Story by | Xie Yihui, she/her, Editor in Chief
Photo credit | Edge of Existence
Is cereal soup? Why or why not?
- Maurice: Sure. I mean, it is liquid with some stuff in it.
- Carissa: Is that the scientific answer, Maurice?
- Maurice: I mean I’m trying to think about what [is classified as] soup. That’s what scientists do.
- Carissa: I think you drink it with a bowl and you use the spoon, so yes.
Should you bite or lick your ice cream?
- Carissa: Lick.
- Maurice: Why not both? It depends on how you feel that day. Sometimes I feel like biting, sometimes licking.
- Carissa: I think if it’s smooth ice cream, you can lick, but if it’s an ice cream that’s got bits in it, then you can bite into it. Like Ben & Jerry’s Cookie Dough.
What kind of secret society would you like to start?

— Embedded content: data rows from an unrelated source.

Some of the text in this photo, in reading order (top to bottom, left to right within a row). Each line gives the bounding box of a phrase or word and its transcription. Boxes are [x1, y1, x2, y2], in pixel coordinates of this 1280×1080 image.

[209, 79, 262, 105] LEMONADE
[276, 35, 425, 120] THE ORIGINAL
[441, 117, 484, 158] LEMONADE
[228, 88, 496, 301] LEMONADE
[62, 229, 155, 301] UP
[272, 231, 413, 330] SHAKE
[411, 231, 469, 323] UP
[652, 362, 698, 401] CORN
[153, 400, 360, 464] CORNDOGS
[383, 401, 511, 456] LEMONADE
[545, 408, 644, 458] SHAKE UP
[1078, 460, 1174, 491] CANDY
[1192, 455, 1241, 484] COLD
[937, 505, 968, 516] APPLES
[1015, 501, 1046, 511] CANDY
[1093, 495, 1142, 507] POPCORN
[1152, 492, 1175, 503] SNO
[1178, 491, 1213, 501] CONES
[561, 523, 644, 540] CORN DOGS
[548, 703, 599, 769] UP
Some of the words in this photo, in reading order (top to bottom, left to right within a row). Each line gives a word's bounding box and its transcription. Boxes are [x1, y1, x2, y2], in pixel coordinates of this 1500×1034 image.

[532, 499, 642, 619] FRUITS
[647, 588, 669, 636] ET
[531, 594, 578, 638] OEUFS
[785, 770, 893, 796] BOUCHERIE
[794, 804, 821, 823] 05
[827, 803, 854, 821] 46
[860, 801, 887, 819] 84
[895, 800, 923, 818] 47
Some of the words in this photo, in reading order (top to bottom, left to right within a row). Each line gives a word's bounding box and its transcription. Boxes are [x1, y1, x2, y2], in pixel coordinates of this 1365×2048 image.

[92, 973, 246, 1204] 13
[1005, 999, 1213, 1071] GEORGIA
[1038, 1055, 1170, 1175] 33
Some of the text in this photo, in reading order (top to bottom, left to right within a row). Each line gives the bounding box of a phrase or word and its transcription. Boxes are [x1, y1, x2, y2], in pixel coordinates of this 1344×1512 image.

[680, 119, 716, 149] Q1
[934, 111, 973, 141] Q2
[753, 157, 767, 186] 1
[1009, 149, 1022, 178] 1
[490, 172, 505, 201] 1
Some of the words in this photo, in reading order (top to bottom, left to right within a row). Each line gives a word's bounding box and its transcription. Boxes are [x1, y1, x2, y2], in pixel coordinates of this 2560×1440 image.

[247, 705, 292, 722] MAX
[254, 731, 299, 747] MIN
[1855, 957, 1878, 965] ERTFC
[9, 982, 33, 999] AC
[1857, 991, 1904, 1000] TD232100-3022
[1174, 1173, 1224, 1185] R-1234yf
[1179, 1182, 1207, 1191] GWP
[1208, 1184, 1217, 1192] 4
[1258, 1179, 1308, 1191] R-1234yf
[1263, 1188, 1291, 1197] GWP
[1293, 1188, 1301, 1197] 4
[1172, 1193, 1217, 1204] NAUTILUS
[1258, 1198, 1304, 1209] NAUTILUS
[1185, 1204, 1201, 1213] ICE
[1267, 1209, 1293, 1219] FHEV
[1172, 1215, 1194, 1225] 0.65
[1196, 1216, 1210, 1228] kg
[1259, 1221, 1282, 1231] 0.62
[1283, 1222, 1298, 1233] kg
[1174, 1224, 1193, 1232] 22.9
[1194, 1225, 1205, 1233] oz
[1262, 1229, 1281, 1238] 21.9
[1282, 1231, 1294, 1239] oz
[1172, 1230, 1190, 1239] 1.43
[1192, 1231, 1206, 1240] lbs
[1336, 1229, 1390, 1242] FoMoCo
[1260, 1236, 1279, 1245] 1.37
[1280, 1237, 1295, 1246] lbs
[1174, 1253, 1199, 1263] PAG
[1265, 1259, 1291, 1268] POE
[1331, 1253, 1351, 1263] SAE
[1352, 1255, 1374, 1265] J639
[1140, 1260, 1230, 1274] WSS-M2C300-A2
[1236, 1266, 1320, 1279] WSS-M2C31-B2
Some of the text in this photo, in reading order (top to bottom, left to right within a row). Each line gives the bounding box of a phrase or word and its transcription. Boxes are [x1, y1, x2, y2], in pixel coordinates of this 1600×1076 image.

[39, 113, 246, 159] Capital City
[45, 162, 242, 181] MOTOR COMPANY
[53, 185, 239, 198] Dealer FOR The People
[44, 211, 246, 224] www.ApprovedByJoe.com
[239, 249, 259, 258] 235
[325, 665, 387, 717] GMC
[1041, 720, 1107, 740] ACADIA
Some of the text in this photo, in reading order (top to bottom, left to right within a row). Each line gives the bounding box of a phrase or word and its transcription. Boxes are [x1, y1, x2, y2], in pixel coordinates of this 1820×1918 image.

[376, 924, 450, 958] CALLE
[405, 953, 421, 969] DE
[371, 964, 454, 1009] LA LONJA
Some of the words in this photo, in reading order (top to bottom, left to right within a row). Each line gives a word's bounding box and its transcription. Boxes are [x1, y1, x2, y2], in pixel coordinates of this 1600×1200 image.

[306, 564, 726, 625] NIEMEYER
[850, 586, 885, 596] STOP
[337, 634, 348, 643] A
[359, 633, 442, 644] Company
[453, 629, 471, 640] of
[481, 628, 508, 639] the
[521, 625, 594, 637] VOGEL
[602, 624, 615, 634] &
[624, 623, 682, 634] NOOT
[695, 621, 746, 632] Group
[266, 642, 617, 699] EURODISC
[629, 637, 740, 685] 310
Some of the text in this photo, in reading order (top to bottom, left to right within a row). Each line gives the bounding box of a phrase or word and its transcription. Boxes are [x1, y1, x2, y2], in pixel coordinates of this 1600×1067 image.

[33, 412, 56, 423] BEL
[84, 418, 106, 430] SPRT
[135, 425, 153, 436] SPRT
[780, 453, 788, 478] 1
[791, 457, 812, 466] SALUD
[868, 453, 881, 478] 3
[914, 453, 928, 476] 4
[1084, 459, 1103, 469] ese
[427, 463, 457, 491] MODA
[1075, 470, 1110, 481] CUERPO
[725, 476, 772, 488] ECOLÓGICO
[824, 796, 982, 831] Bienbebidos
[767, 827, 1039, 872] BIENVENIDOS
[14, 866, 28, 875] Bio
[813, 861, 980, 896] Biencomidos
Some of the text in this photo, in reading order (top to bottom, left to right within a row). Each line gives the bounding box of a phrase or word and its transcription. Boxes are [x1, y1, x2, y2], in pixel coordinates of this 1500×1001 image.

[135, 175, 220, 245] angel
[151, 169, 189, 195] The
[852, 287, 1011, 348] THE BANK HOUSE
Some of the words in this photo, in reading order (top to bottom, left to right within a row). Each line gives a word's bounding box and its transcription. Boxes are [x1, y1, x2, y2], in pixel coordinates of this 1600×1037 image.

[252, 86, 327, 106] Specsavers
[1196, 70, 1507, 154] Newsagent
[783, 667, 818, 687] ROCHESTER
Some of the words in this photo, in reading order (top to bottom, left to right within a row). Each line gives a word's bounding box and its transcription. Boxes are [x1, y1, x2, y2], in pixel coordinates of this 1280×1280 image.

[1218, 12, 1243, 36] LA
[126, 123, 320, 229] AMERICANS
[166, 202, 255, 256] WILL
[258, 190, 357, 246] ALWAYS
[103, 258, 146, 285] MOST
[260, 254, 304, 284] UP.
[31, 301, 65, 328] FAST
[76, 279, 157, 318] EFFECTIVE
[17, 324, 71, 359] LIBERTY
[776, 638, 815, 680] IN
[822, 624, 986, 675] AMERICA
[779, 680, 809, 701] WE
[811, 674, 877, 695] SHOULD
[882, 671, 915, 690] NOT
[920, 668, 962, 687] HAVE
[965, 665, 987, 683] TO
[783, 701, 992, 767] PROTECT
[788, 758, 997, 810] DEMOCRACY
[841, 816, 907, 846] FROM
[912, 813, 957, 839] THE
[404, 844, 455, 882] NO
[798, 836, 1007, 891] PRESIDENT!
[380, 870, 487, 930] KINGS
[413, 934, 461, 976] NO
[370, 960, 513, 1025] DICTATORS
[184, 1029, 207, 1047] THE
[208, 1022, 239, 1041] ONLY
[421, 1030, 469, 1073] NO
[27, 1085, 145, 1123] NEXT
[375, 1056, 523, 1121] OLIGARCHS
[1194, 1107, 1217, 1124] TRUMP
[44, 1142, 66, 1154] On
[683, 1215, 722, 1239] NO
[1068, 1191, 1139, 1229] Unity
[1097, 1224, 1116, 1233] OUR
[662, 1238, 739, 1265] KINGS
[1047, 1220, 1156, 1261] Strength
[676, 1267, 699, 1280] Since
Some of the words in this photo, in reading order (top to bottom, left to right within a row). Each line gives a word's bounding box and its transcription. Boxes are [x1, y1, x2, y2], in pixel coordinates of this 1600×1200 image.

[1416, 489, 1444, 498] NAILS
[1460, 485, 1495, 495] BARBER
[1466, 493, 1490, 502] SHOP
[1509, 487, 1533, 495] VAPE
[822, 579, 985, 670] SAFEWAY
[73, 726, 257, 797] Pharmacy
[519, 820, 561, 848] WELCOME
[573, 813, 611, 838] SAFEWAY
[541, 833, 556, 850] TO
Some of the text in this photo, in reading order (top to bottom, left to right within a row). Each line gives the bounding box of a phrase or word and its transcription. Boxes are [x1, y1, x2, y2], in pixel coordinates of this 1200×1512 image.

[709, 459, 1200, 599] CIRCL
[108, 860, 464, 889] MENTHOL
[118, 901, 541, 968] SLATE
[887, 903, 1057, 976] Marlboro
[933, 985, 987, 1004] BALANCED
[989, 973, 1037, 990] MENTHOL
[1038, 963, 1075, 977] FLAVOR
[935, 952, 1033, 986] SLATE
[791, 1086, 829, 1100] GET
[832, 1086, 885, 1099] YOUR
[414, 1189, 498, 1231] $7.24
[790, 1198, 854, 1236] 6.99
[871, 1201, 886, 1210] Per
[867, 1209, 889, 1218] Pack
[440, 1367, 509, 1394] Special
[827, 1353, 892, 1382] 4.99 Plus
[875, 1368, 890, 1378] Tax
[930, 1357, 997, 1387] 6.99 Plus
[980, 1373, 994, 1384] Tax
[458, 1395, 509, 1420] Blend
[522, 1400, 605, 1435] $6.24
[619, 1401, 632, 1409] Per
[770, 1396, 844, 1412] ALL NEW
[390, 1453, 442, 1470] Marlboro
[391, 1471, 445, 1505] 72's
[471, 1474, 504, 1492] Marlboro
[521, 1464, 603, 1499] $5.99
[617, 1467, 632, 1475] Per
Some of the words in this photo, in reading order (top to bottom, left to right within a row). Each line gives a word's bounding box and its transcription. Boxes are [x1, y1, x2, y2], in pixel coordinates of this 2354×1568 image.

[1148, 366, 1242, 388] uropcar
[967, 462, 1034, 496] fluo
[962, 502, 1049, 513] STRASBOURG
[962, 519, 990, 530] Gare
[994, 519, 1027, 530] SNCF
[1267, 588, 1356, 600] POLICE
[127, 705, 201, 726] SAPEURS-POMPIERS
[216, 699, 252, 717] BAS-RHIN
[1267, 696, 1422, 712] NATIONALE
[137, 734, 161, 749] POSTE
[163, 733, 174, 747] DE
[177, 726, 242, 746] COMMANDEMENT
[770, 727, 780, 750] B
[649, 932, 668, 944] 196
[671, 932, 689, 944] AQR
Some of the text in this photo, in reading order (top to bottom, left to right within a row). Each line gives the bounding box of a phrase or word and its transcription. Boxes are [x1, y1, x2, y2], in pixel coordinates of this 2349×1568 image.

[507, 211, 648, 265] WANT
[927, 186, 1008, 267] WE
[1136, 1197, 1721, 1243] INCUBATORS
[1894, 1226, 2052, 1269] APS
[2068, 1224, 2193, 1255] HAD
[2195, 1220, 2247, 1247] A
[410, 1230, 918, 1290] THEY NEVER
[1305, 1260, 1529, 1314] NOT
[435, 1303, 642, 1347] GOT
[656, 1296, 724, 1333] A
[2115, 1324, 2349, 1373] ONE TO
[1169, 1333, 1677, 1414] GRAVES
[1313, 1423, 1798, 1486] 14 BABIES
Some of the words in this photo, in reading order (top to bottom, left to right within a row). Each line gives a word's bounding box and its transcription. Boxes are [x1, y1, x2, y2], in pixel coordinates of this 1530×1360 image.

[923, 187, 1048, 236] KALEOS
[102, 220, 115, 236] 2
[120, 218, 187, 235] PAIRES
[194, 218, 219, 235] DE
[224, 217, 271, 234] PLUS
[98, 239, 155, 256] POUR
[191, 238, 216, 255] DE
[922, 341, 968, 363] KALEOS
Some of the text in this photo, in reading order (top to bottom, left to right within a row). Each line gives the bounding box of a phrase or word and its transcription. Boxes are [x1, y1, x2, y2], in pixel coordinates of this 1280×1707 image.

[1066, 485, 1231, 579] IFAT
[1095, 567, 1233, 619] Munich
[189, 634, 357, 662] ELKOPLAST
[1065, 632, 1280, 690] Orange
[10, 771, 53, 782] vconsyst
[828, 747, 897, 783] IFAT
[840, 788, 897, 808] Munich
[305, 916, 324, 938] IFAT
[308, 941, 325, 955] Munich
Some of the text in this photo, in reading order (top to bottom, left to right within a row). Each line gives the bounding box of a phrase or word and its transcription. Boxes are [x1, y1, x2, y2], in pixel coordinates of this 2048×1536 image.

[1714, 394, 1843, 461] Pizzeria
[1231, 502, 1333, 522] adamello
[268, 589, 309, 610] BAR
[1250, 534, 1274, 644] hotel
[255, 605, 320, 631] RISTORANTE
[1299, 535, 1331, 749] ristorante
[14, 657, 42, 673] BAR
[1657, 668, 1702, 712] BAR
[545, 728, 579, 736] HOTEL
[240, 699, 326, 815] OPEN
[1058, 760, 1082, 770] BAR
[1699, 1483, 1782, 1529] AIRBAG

- Carissa: Can I join a secret society? I would like to join those 90s Hong Kong gangs as they are portrayed on the film, not the real ones. They go to the street and wreak havoc.
- Maurice: I know too much about Hong Kong gangsters, so no.
Is peeling chicken nuggets justifiable?
- Maurice: I know people peel chicken skin so I see that for chicken nuggets as well.
- Carissa: I don’t know. I am vegan.
- Maurice: I am pretty sure there are vegan chicken nuggets, right?
- Carissa: Then no. The skin is the best part.
If you could replace all of the grass in the world with something else, what would it be and why?
- Carissa: I like it. I wouldn’t.
- Maurice: I would say fake grass. As a plant biologist, I know the importance of its ecological function but I like the look as well. Well, of course [it] won’t have the ecological functions so it probably won’t work.
Is Pad Thai a Thai version of Char Kway Teow?
- Carissa: No. In my head, Char Kway Teow has cockles in it, but Pad Thai cannot have cockles.
- Maurice: It is just seafood, right? Pad Thai can have seafood. I don’t care, all that fried stuff for me is the same.
- Carissa: I think, also, the width of the rice noodles for Pad Thai is way thinner than Char Kway Teow.
- Maurice: Fairs. I mean they are just variations of the same thing, like Hong Kong has its version of Beef Hor Fun.
- Carissa: No… I am protective of Char Kway Teow.
If animals could talk, which species would be the rudest of them all?
- Maurice: Humans.
- Carissa: Tapirs. I just went to the zoo and I could not find it so I feel that it was hiding from me. It has very sneaky eyes so it looks like it’s trying to side-eye you all the time. [It might be the rudest] if it speaks with you… It might not even speak with you.
What is the worst thing that a person can put on their bio on a dating app?
- Carissa: Inappropriate emojis like 🖕. Or a pretentious quotation from someone—you are hiding behind a persona.
- Maurice: I don’t know because different people like different things. And I lack experience.
- Carissa: You can use imagination to make up for the lack of experience, Maurice.
- Maurice: That’s the thing, I lack imagination AND experience. Maybe a weird hair color? But I also have a weird hair color XD.